Hintergrund
«Die Sims» feiert 25 Jahre – ein Rückblick
von Michelle Brändle
PS4, Xbox und Switch können einpacken. An das Suchtpotenzial, welches die selbstgebauten Arcade-Automaten von Peter Zumstein versprühen, kommt so schnell nichts ran. Sein Hobby hievt Retro-Gaming auf ein komplett neues Level.

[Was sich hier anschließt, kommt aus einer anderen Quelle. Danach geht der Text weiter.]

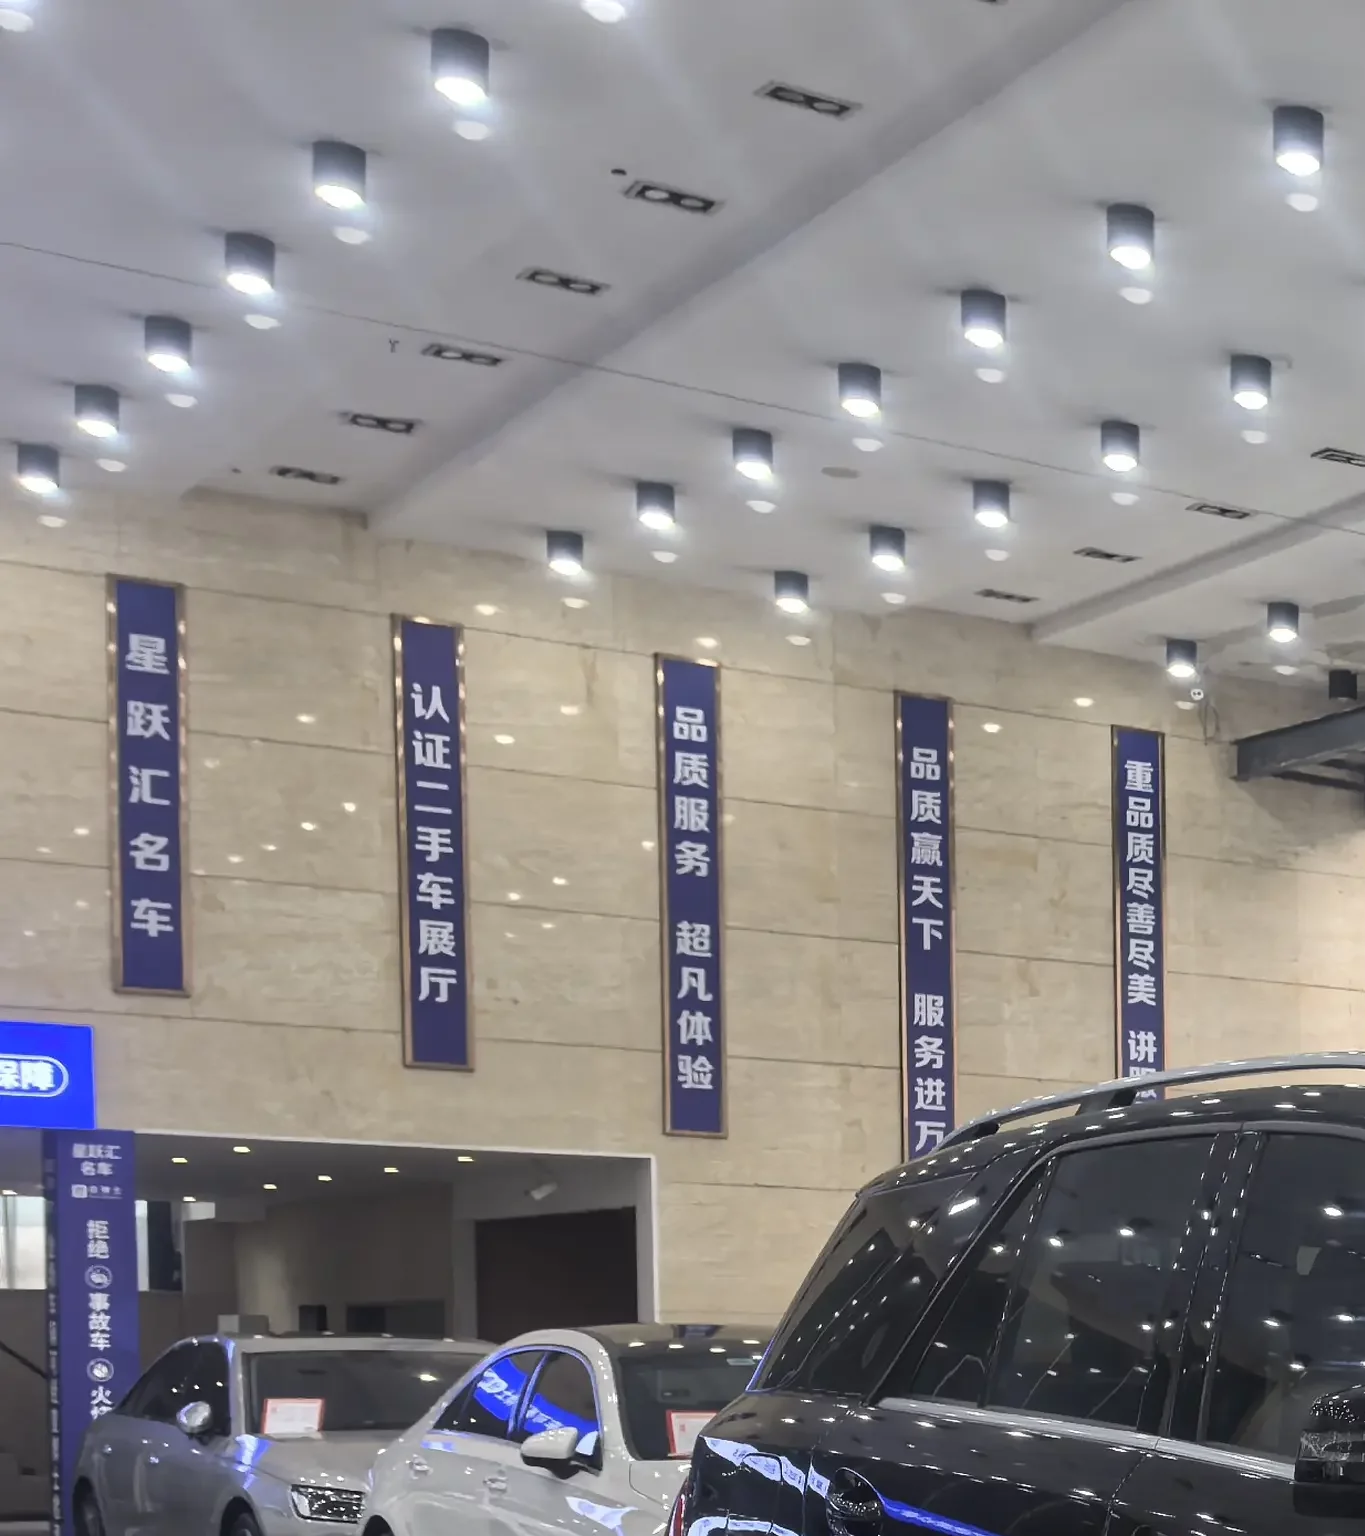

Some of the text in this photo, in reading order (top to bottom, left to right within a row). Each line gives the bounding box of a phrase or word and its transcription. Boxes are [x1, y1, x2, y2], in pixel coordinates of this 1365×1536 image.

[126, 633, 175, 938] 星跃汇名车
[410, 682, 457, 1004] 认证二手车展厅
[672, 706, 715, 1091] 品质服务 超凡体验
[909, 746, 944, 951] 品质赢天下
[1123, 759, 1156, 1007] 重品质尽善尽美
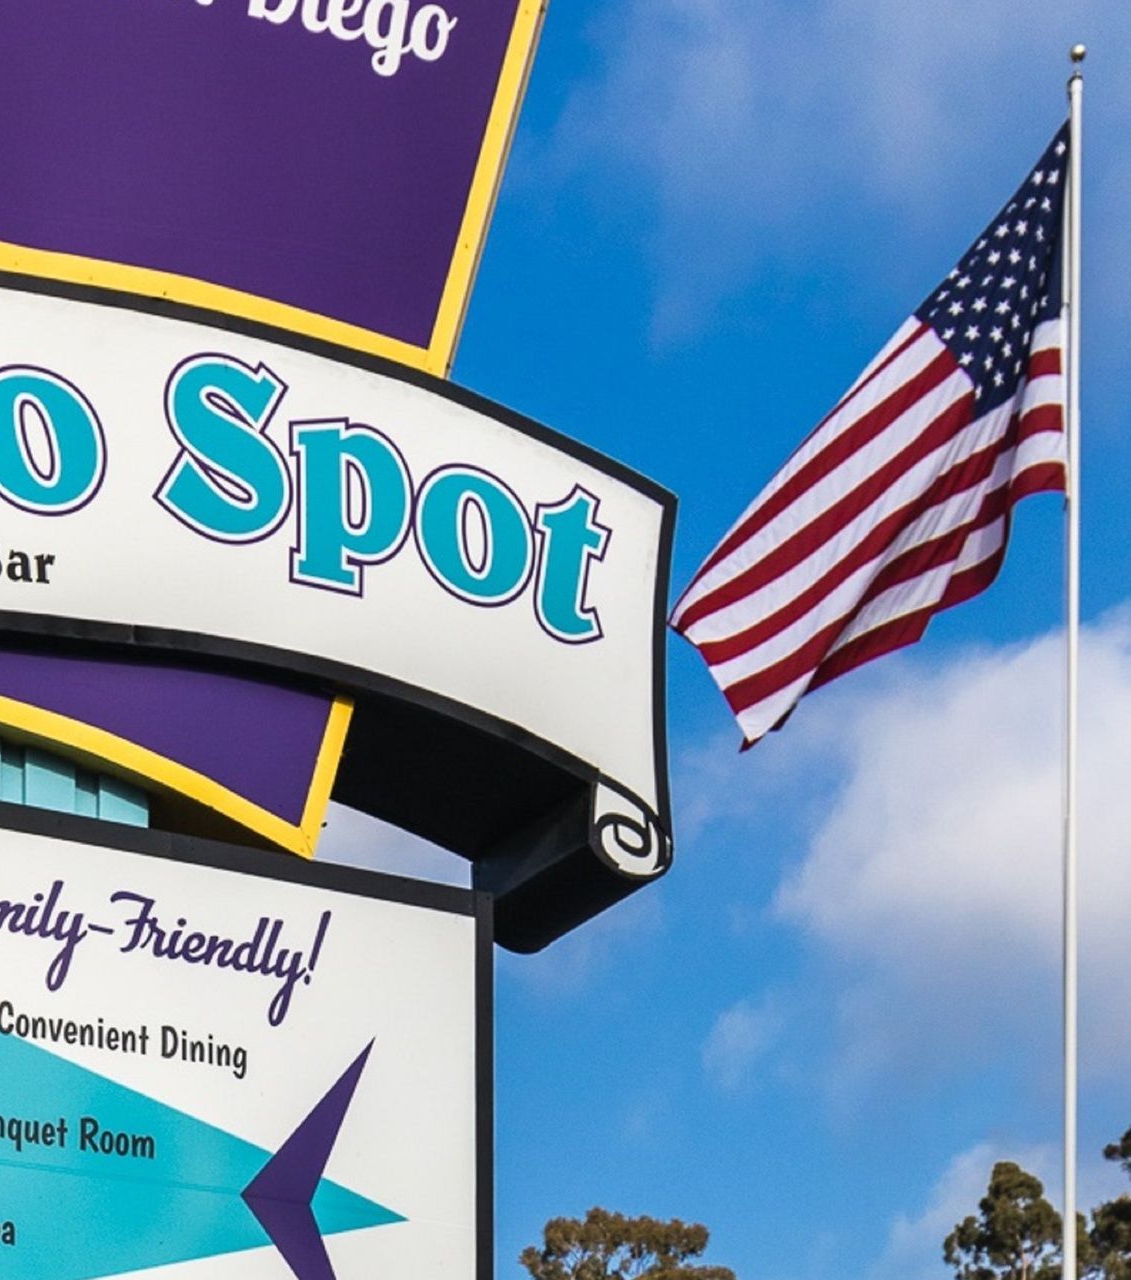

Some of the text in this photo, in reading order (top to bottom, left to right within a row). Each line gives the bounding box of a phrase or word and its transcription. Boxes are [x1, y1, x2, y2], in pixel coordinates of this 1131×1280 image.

[155, 352, 612, 644] Spot
[160, 1025, 248, 1080] Dining
[79, 1117, 156, 1160] Room
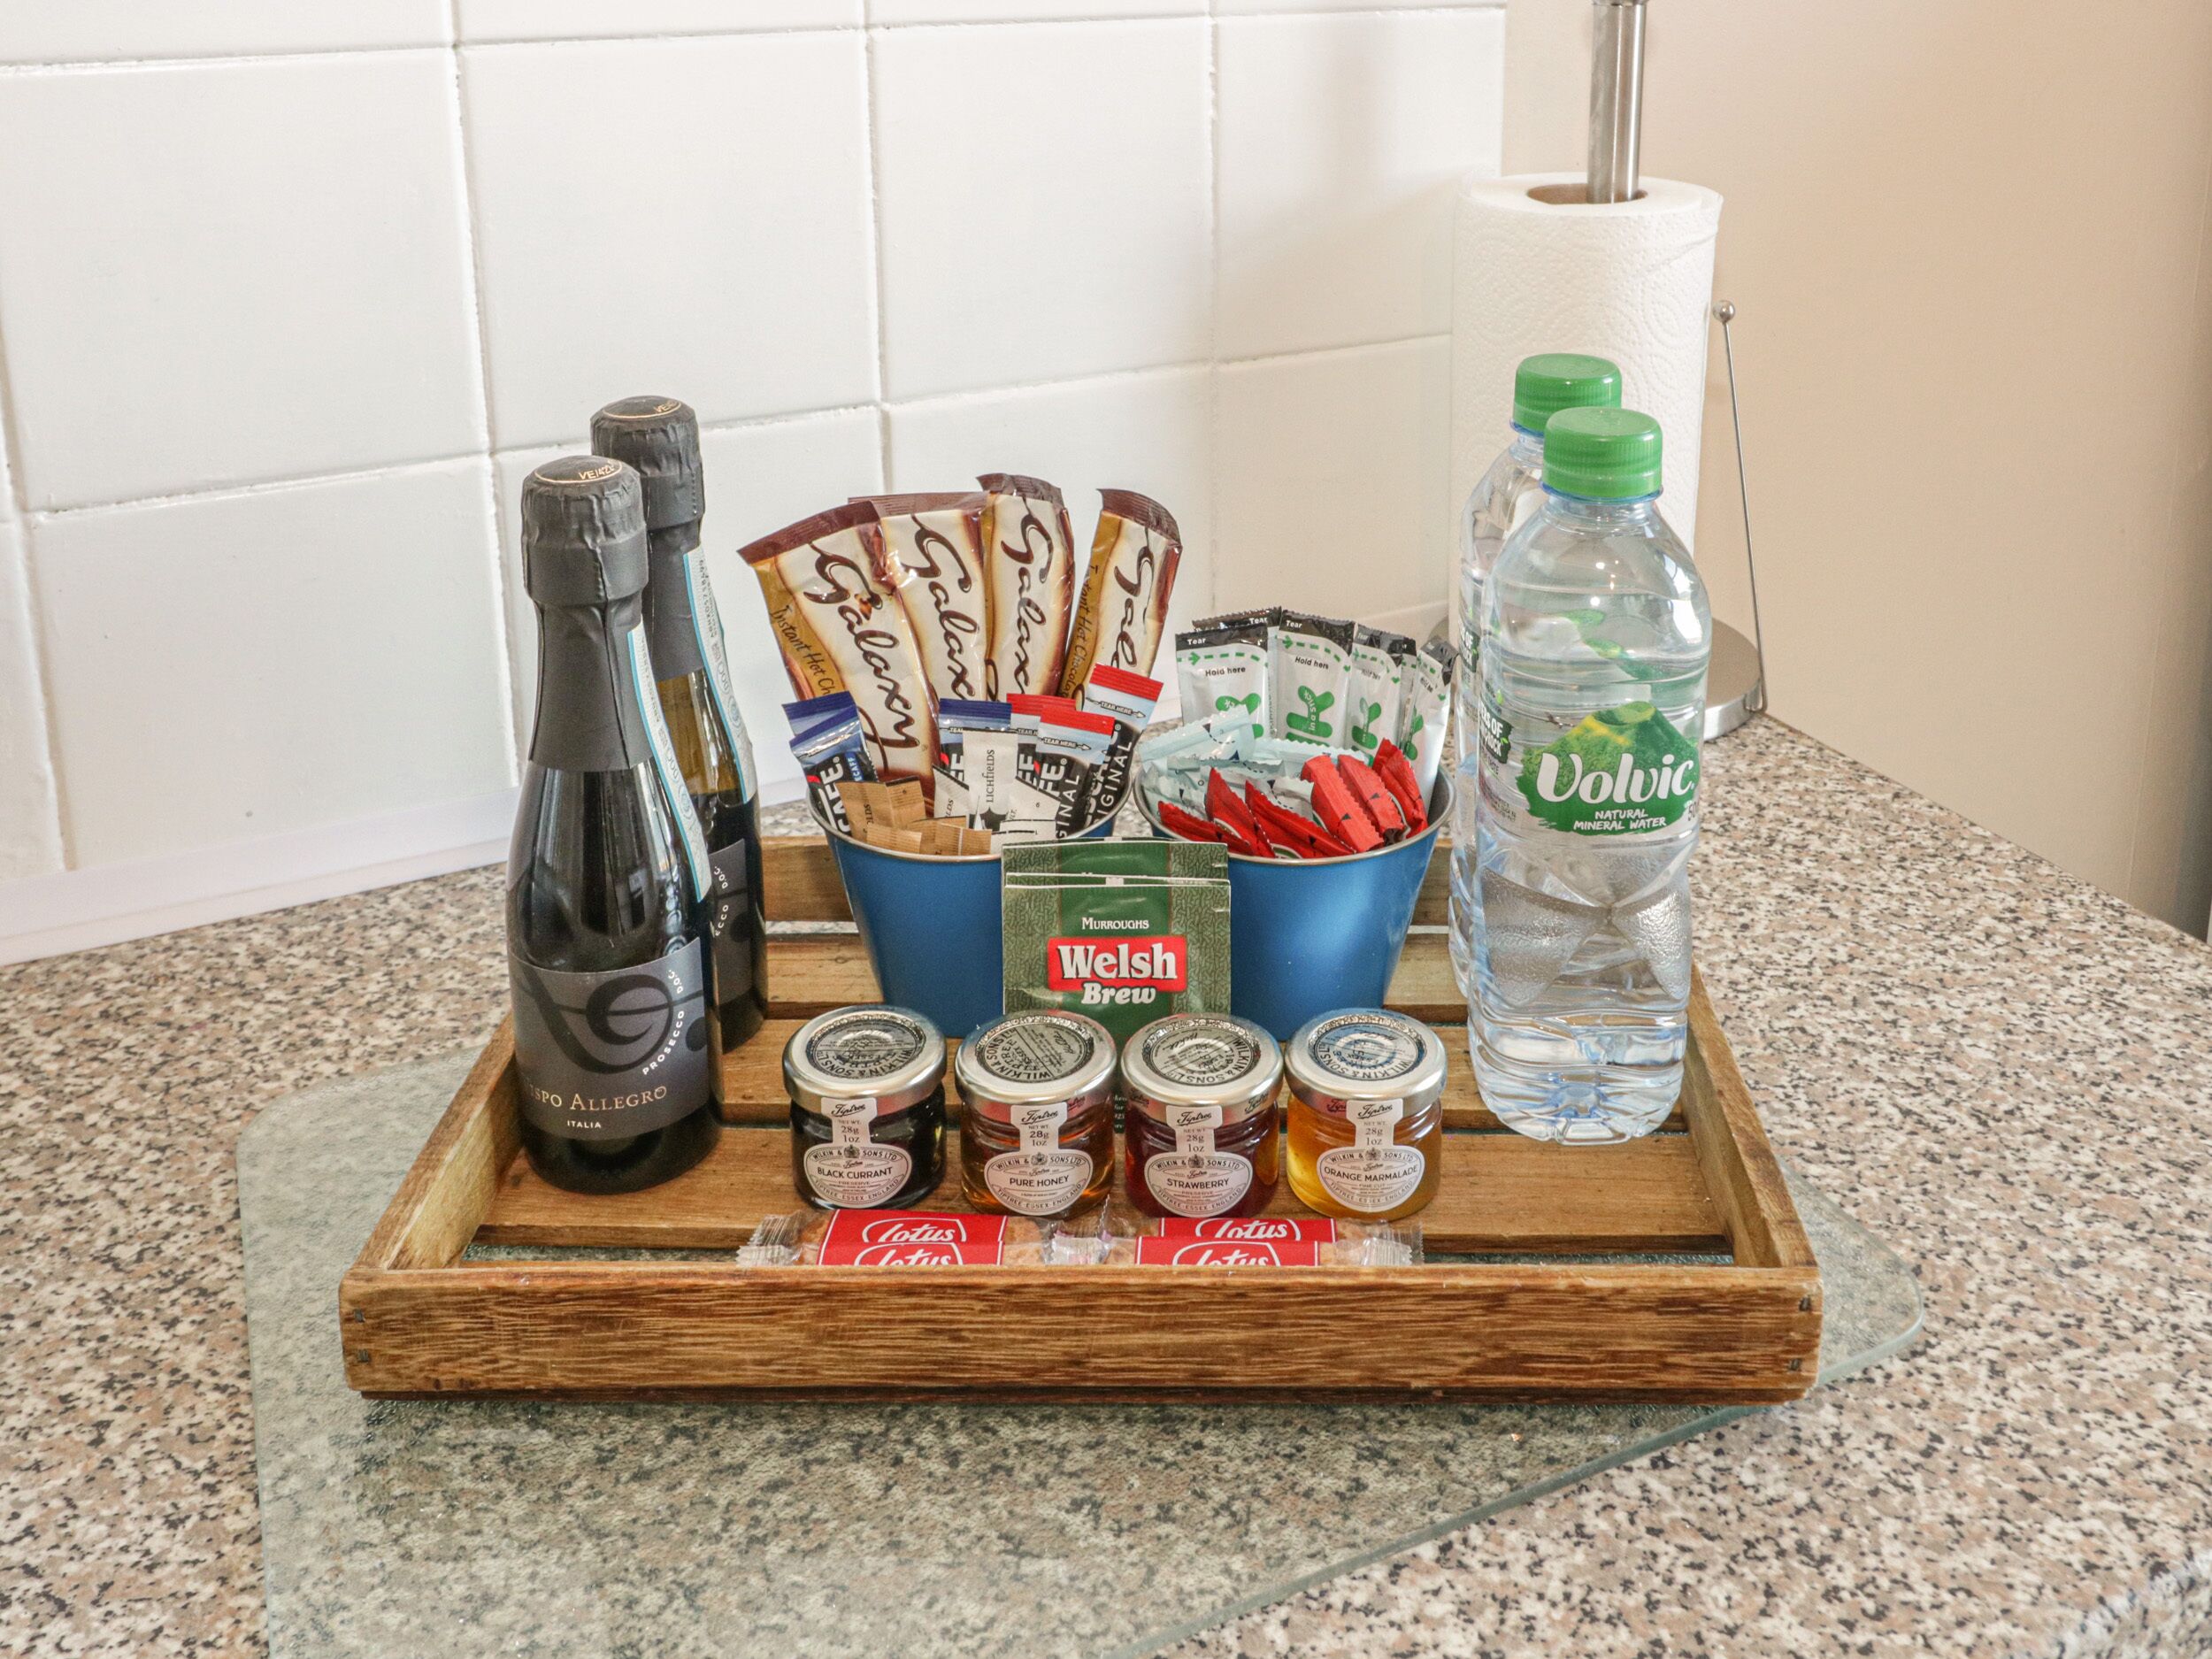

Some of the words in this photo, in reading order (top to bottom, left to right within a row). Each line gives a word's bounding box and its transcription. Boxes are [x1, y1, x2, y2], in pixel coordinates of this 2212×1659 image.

[993, 497, 1054, 697] Galax
[901, 514, 979, 701] Galax
[770, 603, 811, 657] Instant
[803, 650, 826, 676] Hot
[803, 542, 920, 757] Galaxy
[1295, 657, 1312, 666] Hold
[1314, 660, 1329, 671] here
[1101, 700, 1117, 710] TEAR
[1117, 705, 1133, 715] HERE
[1491, 718, 1503, 738] OF
[1060, 740, 1077, 749] HERE
[1536, 752, 1694, 804] Volvic
[1594, 808, 1648, 820] NATURAL
[1573, 819, 1624, 831] MINERAL
[1630, 817, 1667, 829] WATER
[1057, 942, 1178, 979] Welsh
[1081, 982, 1156, 1004] Brew
[642, 1010, 685, 1075] PROSECCO
[986, 1035, 1003, 1060] SONS
[1233, 1039, 1250, 1071] WILKIN
[1319, 1053, 1348, 1074] SONS
[1362, 1059, 1411, 1079] WILKIN
[998, 1064, 1051, 1080] WILKIN
[1187, 1073, 1225, 1084] SONS
[570, 1085, 667, 1111] ALLEGRO
[832, 1103, 866, 1118] Tiptree
[1020, 1109, 1058, 1125] Tiptree
[1356, 1103, 1394, 1119] Tiptree
[567, 1120, 602, 1129] ITALIA
[1176, 1111, 1212, 1126] Tiptree
[841, 1125, 859, 1134] 28g
[1030, 1130, 1049, 1139] 28g
[1365, 1127, 1384, 1136] 28g
[843, 1134, 861, 1143] 1oz
[1187, 1134, 1204, 1143] 28g
[813, 1149, 833, 1160] WILKIN
[885, 1152, 897, 1161] LTD
[996, 1157, 1020, 1169] WILKIN
[1070, 1156, 1082, 1165] LTD
[1330, 1153, 1355, 1163] WILKIN
[1403, 1153, 1415, 1162] LTD
[1156, 1159, 1178, 1169] WILKIN
[1228, 1161, 1240, 1170] LTD
[817, 1166, 844, 1179] BLACK
[846, 1166, 893, 1179] CURRANT
[1324, 1166, 1362, 1181] ORANGE
[1364, 1165, 1418, 1182] MARMALADE
[1010, 1177, 1034, 1187] PURE
[1037, 1175, 1070, 1187] HONEY
[1167, 1178, 1229, 1189] STRAWBERRY

In Peters Wohnung sticht mir als erstes eine grosse Vitrine ins Auge. Massstabsgetreu nachgebaute Raumschiffe, Phaser und was das Sci-Fi-Herz sonst noch begehrt, stellt er dort aus. Das macht den 50-Jährigen noch eine Spur sympathischer, als er mir eh schon ist. Zu gerne würde ich lange und ausgiebig mit ihm über seine Modelle aus Star Trek und Babylon 5 fachsimpeln. Oder über den Terminator-Kopf, der im Büro auf dem Pult steht.
Videoproduzentin Stephanie Tresch und ich sind aber nicht deshalb in den Aargau gefahren. Wir besuchen Peter aufgrund einer früheren Begegnung und seinem überirdisch coolen Hobby; er baut Arcade-Automaten.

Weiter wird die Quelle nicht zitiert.